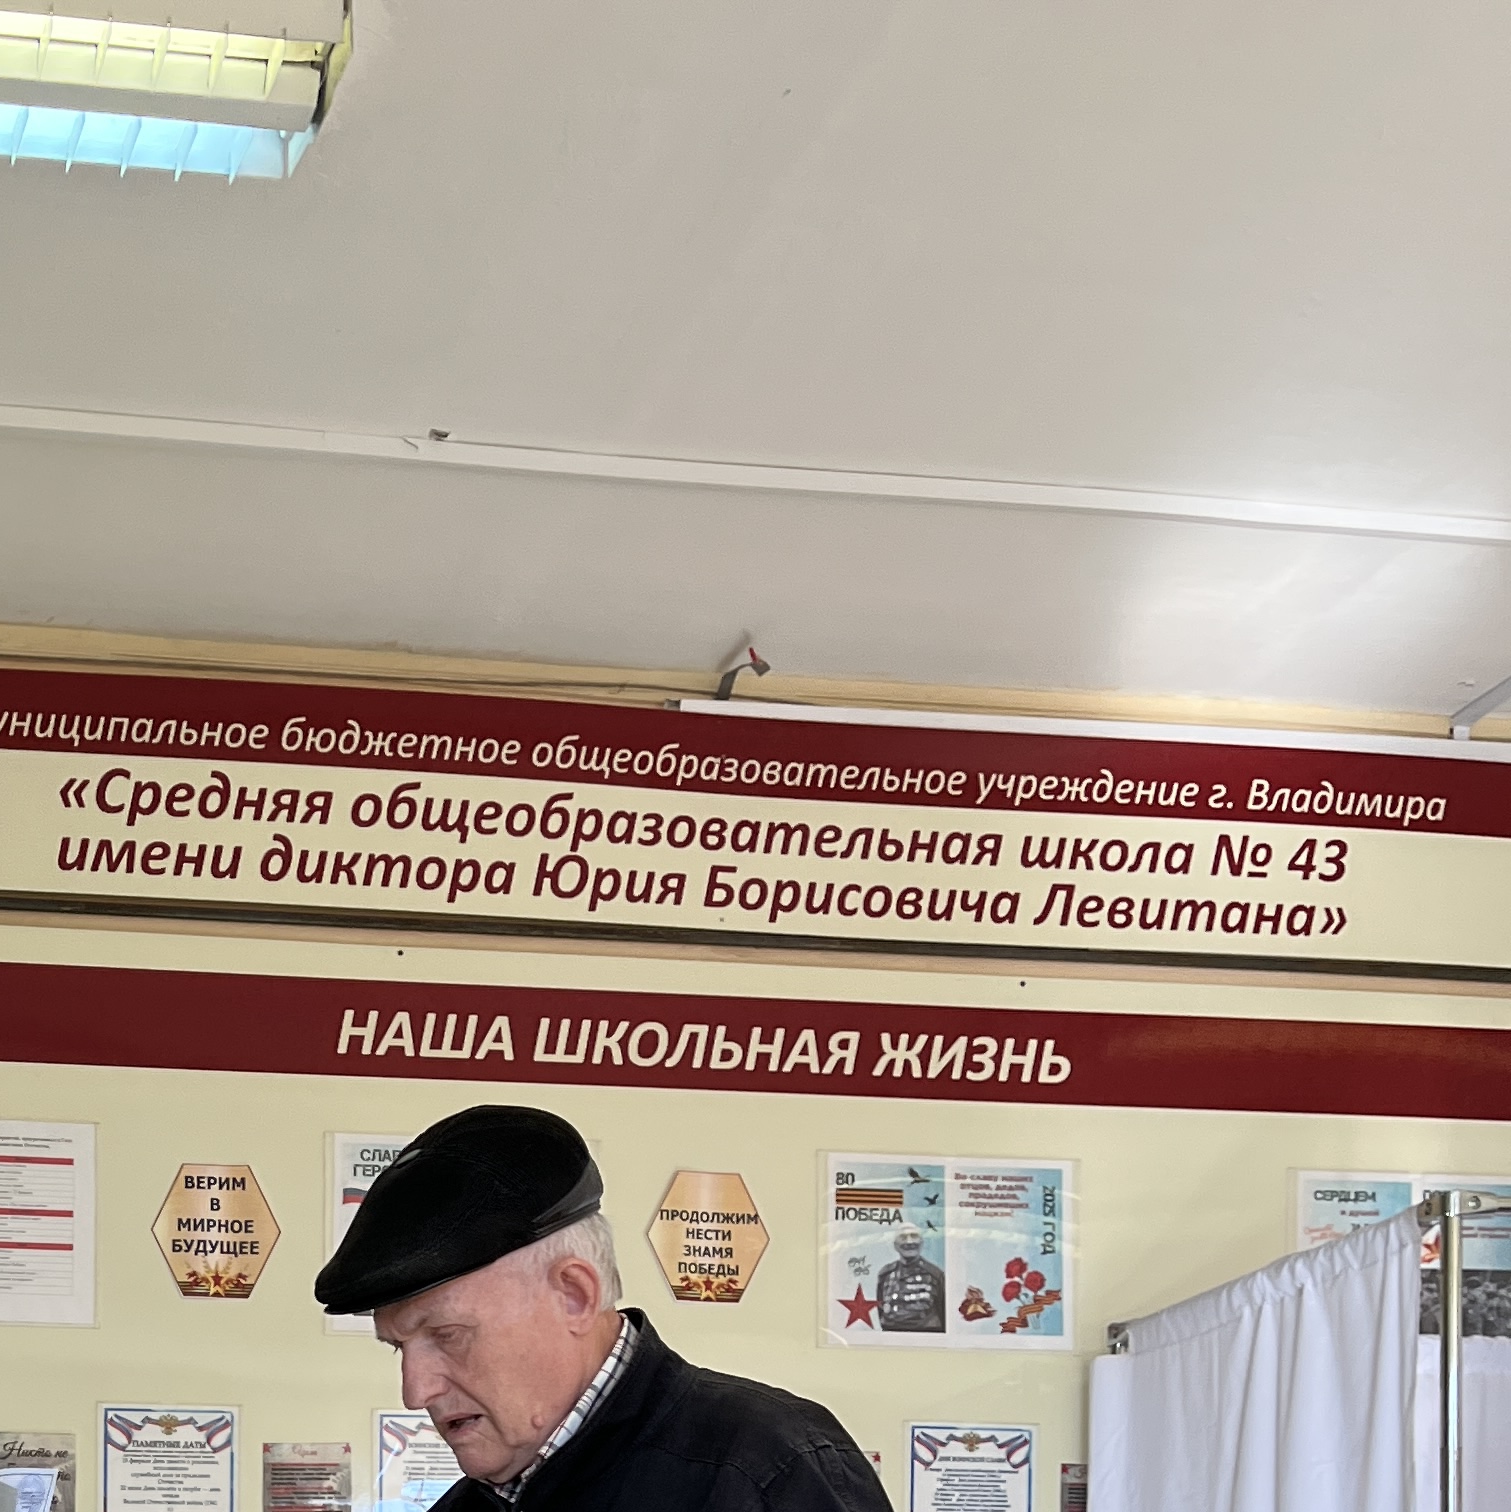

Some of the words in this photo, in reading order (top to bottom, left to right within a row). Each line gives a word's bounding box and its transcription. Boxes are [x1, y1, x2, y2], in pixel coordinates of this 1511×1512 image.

[281, 715, 521, 766] бюджетное
[531, 737, 966, 796] общеобразовательное
[977, 768, 1199, 809] учреждение
[1208, 786, 1235, 811] г.
[1247, 777, 1447, 824] Владимира
[58, 767, 334, 827] «Средняя
[352, 782, 1002, 868] общеобразовательная
[1020, 833, 1191, 876] школа
[1210, 834, 1273, 881] №
[1288, 838, 1349, 884] 43
[58, 836, 242, 880] имени
[260, 833, 516, 904] диктора
[532, 853, 686, 912] Юрия
[703, 864, 1020, 926] Борисовича
[1035, 883, 1349, 939] Левитана»
[337, 1008, 515, 1062] НАША
[533, 1016, 860, 1077] ШКОЛЬНАЯ
[873, 1030, 1073, 1085] ЖИЗНЬ
[360, 1148, 401, 1163] СЛАВ
[183, 1174, 247, 1191] ВЕРИМ
[835, 1171, 856, 1186] 80
[210, 1197, 221, 1212] В
[1042, 1185, 1056, 1217] 2025
[659, 1208, 759, 1227] ПРОДОЛЖИМ
[834, 1206, 904, 1226] ПОБЕДА
[176, 1217, 255, 1235] МИРНОЕ
[685, 1227, 732, 1242] НЕСТИ
[171, 1238, 260, 1257] БУДУЩЕЕ
[1040, 1221, 1056, 1256] ГОД
[682, 1244, 734, 1259] ЗНАМЯ
[677, 1260, 740, 1278] ПОБЕДЫ
☆ ☆ ☆ ☆
Task directions: Copy every record exactly, leaving the pictures out.

Solved problem:
Some of the words in this photo, in reading order (top to bottom, left to right within a row). Each line gives a word's bounding box and its transcription. Boxes are [x1, y1, x2, y2], in pixel coordinates of this 1511×1512 image.

[281, 715, 521, 766] бюджетное
[531, 737, 966, 796] общеобразовательное
[977, 768, 1199, 809] учреждение
[1208, 786, 1235, 811] г.
[1247, 777, 1447, 824] Владимира
[58, 767, 334, 827] «Средняя
[352, 782, 1002, 868] общеобразовательная
[1020, 833, 1191, 876] школа
[1210, 834, 1273, 881] №
[1288, 838, 1349, 884] 43
[58, 836, 242, 880] имени
[260, 833, 516, 904] диктора
[532, 853, 686, 912] Юрия
[703, 864, 1020, 926] Борисовича
[1035, 883, 1349, 939] Левитана»
[337, 1008, 515, 1062] НАША
[533, 1016, 860, 1077] ШКОЛЬНАЯ
[873, 1030, 1073, 1085] ЖИЗНЬ
[360, 1148, 401, 1163] СЛАВ
[183, 1174, 247, 1191] ВЕРИМ
[835, 1171, 856, 1186] 80
[210, 1197, 221, 1212] В
[1042, 1185, 1056, 1217] 2025
[659, 1208, 759, 1227] ПРОДОЛЖИМ
[834, 1206, 904, 1226] ПОБЕДА
[176, 1217, 255, 1235] МИРНОЕ
[685, 1227, 732, 1242] НЕСТИ
[171, 1238, 260, 1257] БУДУЩЕЕ
[1040, 1221, 1056, 1256] ГОД
[682, 1244, 734, 1259] ЗНАМЯ
[677, 1260, 740, 1278] ПОБЕДЫ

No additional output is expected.